Dear Reader, I would like to relate to you a conversation I had with another mother, last Sunday morning after Church.
She had an older child, probably around four years old, and a six week old baby, so of course I chatted with her a bit. She seemed very nice (I am sure she is very nice!). Then we got onto the subject of breast-feeding. She mentioned that the health visitors in her area were quite clueless about breast fed babies because almost all of the women in her area formula fed. The rest of the conversation went something like this:
Me: Wow, I would’ve thought they’d absolutely adore you, if you’re one of the only breastfeeding women.

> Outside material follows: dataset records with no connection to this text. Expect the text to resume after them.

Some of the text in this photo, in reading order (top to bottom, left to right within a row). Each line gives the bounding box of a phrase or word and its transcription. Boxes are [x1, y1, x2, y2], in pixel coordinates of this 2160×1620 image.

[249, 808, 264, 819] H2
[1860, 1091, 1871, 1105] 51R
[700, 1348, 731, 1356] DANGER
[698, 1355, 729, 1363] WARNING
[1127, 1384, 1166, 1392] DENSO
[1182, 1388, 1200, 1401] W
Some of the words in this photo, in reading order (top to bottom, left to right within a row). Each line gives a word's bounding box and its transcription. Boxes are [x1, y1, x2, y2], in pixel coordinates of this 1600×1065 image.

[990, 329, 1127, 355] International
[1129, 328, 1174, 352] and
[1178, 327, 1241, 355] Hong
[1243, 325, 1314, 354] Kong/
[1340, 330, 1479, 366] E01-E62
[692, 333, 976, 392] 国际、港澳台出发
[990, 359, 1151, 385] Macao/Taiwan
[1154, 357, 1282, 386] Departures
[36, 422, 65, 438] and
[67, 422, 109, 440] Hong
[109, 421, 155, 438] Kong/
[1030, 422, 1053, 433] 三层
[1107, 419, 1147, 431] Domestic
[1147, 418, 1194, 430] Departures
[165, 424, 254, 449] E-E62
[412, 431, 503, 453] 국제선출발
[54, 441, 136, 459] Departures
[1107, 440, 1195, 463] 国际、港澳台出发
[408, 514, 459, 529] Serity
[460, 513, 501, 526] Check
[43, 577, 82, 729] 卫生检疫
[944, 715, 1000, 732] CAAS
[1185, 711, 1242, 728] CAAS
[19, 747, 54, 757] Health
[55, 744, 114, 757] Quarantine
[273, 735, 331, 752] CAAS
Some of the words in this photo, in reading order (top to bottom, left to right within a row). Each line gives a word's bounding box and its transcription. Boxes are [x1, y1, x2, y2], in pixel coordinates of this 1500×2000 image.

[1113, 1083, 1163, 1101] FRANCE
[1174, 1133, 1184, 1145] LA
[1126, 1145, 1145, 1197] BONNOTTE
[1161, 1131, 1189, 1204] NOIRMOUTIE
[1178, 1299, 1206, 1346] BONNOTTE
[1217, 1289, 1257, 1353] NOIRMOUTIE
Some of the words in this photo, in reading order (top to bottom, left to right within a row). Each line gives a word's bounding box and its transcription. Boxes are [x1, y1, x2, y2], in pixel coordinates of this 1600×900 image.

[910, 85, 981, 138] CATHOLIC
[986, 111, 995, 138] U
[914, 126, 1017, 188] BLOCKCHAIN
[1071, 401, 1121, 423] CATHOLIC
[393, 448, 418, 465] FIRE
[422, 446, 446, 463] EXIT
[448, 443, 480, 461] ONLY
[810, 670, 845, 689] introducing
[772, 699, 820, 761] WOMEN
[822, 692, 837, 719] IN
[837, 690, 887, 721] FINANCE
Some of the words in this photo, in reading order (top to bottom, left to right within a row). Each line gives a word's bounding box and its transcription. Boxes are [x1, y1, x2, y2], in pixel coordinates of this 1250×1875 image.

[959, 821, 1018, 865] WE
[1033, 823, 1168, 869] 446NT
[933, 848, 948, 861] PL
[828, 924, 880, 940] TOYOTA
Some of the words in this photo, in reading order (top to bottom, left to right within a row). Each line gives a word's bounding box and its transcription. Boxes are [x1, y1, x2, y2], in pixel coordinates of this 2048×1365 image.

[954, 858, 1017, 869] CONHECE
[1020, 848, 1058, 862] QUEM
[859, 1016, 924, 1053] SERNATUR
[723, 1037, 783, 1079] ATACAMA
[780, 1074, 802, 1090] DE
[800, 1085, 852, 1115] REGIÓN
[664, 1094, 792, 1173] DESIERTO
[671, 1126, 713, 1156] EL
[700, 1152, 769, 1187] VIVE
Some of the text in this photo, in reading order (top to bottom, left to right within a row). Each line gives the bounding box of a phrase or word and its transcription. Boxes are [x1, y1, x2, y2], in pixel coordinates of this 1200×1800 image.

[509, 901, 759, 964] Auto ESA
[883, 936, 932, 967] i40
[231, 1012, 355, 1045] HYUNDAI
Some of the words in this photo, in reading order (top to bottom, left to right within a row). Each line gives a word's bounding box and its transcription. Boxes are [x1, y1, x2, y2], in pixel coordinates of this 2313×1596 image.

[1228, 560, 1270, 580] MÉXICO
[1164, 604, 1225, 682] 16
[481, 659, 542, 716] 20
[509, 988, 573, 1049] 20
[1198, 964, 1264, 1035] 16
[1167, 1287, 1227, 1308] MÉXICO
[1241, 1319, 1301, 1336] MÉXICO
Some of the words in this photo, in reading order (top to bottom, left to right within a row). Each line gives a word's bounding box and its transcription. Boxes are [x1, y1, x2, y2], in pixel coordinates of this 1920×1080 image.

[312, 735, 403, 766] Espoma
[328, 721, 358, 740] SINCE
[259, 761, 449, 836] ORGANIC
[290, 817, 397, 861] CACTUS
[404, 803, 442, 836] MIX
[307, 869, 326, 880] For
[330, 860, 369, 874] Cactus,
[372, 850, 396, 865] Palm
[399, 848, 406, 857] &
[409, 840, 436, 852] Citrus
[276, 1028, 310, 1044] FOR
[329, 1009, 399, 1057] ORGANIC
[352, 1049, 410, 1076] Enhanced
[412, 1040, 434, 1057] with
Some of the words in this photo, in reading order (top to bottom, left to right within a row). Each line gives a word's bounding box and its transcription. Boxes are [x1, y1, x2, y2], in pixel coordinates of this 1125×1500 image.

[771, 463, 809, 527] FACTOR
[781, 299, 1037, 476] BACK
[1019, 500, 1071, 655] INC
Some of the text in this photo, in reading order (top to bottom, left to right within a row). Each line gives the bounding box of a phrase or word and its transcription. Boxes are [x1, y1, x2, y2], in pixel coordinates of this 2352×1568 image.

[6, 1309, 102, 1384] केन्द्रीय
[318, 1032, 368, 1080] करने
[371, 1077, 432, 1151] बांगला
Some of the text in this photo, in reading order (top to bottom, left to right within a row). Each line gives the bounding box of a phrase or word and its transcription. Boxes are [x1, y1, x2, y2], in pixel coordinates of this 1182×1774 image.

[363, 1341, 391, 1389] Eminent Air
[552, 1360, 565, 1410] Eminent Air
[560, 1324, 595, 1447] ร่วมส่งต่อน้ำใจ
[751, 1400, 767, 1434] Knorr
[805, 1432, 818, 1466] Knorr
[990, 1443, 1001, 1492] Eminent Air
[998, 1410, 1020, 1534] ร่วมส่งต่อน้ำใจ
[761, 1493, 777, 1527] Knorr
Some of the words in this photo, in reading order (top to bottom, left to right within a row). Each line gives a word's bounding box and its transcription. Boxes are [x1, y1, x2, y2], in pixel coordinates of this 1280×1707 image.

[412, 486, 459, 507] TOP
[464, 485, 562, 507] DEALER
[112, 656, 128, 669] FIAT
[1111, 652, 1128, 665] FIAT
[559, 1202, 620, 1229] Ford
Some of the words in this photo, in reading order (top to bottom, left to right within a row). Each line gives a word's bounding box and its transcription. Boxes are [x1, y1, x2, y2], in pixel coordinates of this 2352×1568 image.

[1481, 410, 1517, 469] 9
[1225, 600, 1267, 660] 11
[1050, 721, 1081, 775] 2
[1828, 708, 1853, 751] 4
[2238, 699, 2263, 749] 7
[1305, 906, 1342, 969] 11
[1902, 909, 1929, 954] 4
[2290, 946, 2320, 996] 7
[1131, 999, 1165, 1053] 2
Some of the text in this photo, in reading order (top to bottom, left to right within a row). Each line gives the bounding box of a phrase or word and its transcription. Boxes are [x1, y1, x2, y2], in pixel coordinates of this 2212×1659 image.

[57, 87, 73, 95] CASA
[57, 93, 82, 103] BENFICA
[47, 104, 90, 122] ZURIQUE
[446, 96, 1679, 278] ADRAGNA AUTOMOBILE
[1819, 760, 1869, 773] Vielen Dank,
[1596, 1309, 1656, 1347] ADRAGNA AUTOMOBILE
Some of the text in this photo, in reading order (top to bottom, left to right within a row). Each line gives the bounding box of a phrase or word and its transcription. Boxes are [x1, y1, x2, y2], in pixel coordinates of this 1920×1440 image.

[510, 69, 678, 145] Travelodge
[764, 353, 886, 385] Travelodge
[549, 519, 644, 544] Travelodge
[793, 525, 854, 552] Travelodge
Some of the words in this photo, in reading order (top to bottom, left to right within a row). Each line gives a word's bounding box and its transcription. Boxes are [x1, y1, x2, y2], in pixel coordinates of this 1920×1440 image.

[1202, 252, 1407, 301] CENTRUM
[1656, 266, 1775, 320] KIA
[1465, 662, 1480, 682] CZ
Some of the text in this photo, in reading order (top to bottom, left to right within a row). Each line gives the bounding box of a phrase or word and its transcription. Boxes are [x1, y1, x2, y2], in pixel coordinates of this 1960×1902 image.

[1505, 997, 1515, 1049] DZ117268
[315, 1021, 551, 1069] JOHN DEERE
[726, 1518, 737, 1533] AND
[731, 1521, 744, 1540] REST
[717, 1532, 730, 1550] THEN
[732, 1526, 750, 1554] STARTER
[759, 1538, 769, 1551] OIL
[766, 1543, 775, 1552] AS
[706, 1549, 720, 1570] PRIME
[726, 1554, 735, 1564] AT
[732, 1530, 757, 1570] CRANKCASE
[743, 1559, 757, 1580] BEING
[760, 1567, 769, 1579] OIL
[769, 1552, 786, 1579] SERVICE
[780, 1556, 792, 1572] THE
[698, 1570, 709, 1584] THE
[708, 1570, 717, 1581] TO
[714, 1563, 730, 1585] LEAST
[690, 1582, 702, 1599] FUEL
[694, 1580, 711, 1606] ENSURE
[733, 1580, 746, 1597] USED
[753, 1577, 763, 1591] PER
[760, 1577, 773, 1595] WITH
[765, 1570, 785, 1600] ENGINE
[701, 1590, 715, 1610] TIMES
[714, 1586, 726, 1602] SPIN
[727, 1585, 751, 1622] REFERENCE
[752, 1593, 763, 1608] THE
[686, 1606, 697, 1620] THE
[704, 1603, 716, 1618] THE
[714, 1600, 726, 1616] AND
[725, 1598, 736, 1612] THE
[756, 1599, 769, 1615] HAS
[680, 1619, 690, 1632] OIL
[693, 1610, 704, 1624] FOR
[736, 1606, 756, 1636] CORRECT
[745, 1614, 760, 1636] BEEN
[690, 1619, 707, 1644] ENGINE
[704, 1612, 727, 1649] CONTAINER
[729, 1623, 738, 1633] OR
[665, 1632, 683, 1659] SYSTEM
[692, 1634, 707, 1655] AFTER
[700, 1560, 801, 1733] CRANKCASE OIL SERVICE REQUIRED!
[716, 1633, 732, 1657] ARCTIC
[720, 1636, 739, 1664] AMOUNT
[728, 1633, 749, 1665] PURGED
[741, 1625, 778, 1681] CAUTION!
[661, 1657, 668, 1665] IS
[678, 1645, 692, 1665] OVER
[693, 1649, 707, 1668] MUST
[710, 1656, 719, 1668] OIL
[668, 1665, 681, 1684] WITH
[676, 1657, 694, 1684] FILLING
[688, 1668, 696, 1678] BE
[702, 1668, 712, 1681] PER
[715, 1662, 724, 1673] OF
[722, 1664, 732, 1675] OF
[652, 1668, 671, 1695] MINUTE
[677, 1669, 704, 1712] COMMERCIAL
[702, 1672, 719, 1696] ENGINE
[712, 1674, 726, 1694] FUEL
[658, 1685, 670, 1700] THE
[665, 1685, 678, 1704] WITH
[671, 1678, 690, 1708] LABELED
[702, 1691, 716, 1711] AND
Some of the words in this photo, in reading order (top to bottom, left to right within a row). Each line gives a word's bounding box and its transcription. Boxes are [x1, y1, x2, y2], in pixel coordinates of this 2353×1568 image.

I had the opposite experience, especially with midwives, I felt like I couldn’t put my son on formula, thought I’d be drugging him or something mad! He was under his birth weight at four weeks so I ended up having to.
Her: Yeah, well it’s what works for you isn’t it… *trails off*
Me: Well no, it was that I just didn’t have enough milk, there was an issue with my supply and it was actually the health visitor who told me to put him on it.
Her: Yeah, well, they say if you keep going it will eventually come in. But if it’s too much for you… *trails off again*
*awkward momentary silence*
(During the silence I wanted to say this: ‘Well, they say a lot things don’t they but they are bloody wrong! OK!? I tried really hard and, yes, it was too much for me because I had a hungry baby who I couldn’t feed and who screamed all the bloody time!’)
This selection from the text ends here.